There exist $2\times 2$ orthogonal matrix $Q_2$ and $3\times 3$ orthogonal matrix $Q_3$ such that $$Q_2\begin{bmatrix}1\\1\end{bmatrix} = \begin{bmatrix}\sqrt{2}\\0\end{bmatrix}\quad\text{and}\quad Q_3\begin{bmatrix}1\\1\\1\end{bmatrix}=\begin{bmatrix}\sqrt{3}\\0\\0\end{bmatrix}\,,$$ e.g. Householder reflections.

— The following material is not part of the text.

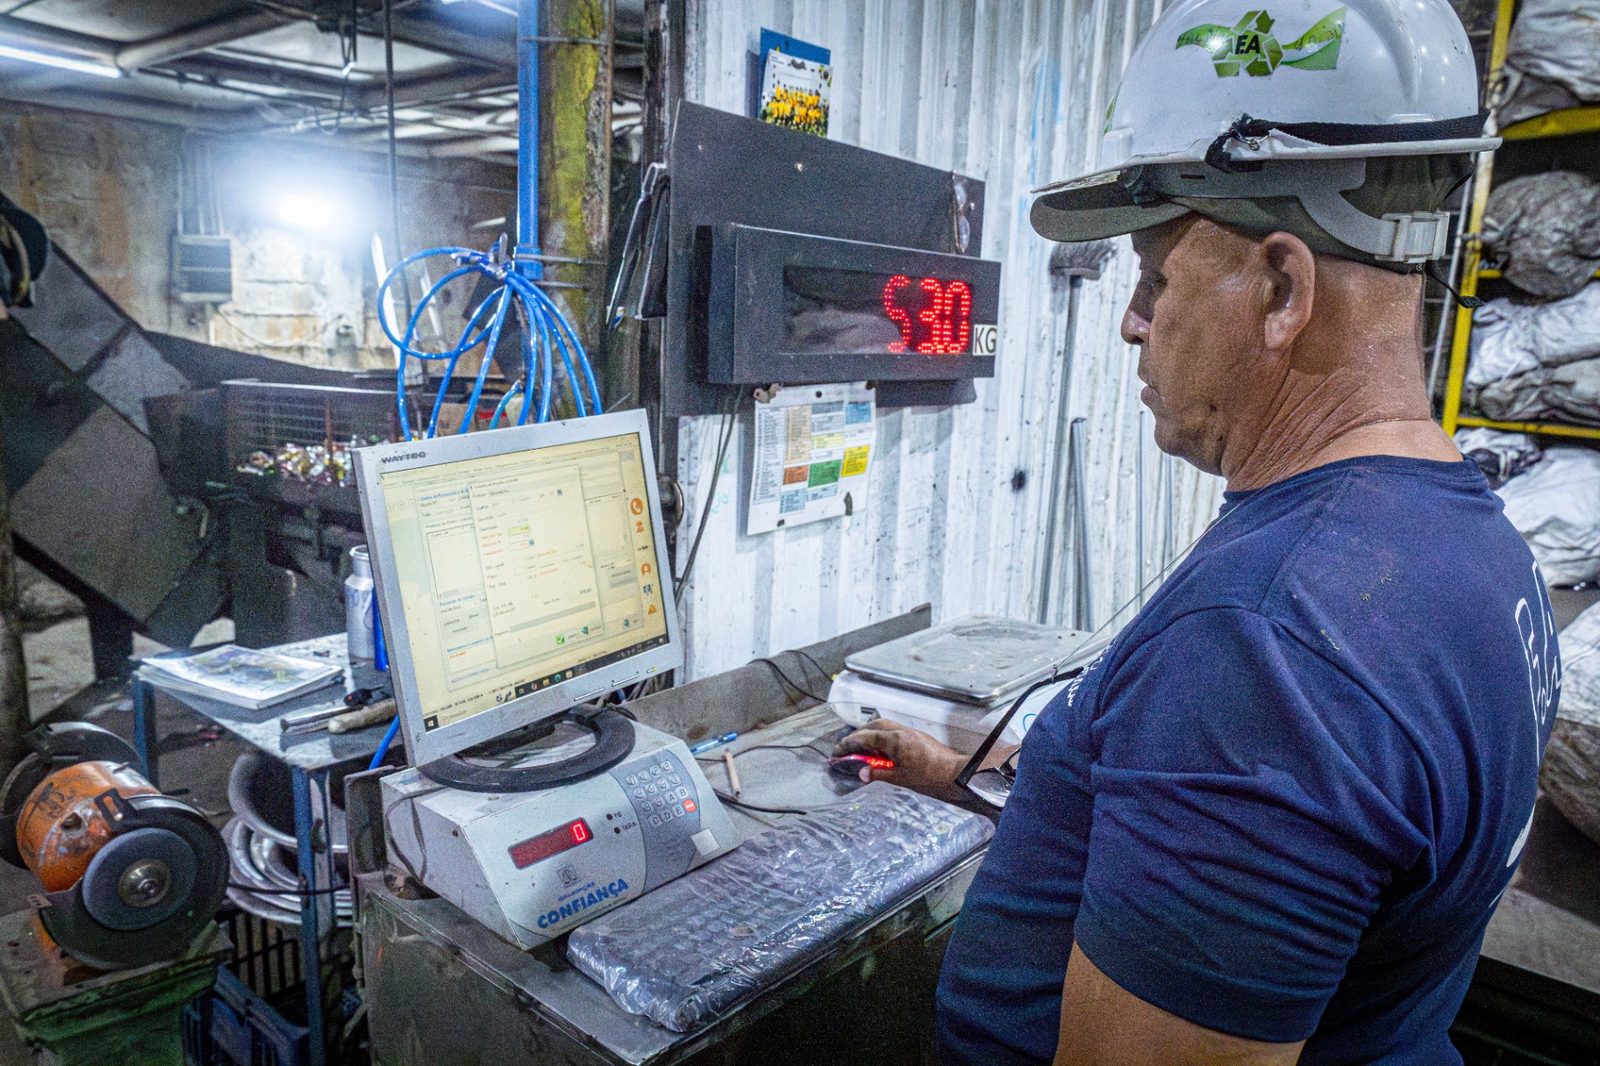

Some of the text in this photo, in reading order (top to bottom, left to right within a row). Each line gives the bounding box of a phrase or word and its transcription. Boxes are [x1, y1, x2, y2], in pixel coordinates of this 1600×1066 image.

[974, 327, 997, 354] KG
[573, 823, 586, 842] 0
[537, 878, 629, 930] CONFIANÇA

Define $6\times6$ orthogonal block diagonal matrix $Q$ with $Q=\operatorname{diag}(1,Q_2,Q_3)$ and note that matrix $A$ is similar to the matrix $$QAQ^T=\begin{bmatrix}5&\sqrt{2}&0&\sqrt{3}&0&0\\\sqrt{2}&3&0&0&0&0\\0&0&1&0&0&0\\\sqrt{3}&0&0&1&0&0\\0&0&0&0&1&0\\0&0&0&0&0&1\end{bmatrix}\,.$$

Now we know that eigenvalues of $A$ different from $1$ must be eigenvalues of the matrix $B$ defined as $$B=\begin{bmatrix}5&\sqrt{2}&\sqrt{3}\\\sqrt{2}&3&0\\\sqrt{3}&0&1\end{bmatrix}\,.$$ Also, $\rho(A)=\max\{1,\rho(B)\}\,.$

Characteristic polynomial of matrix $B$ is $$k(\lambda) = \lambda^3-9\lambda^2+18\lambda-4\,.$$ Its derivative is a quadratic polynomial whose zeros are $3\pm\sqrt{3}$. From here we conclude that $k'(\lambda)>0$ for $\lambda\in(3+\sqrt{3},+\infty)$. This means that $k(\lambda)$ is strictly increasing on that interval and has at most one zero in it. Since $k(6)=-4<0$ and $k(7)=24>0$, we know that zero is actualy in $(6,7)$. This shows that the largest eigenvalue of $B$, $\rho(B)$, satisfies $6<\rho(B)<7$, from where $6<\rho(A)<7$ follows.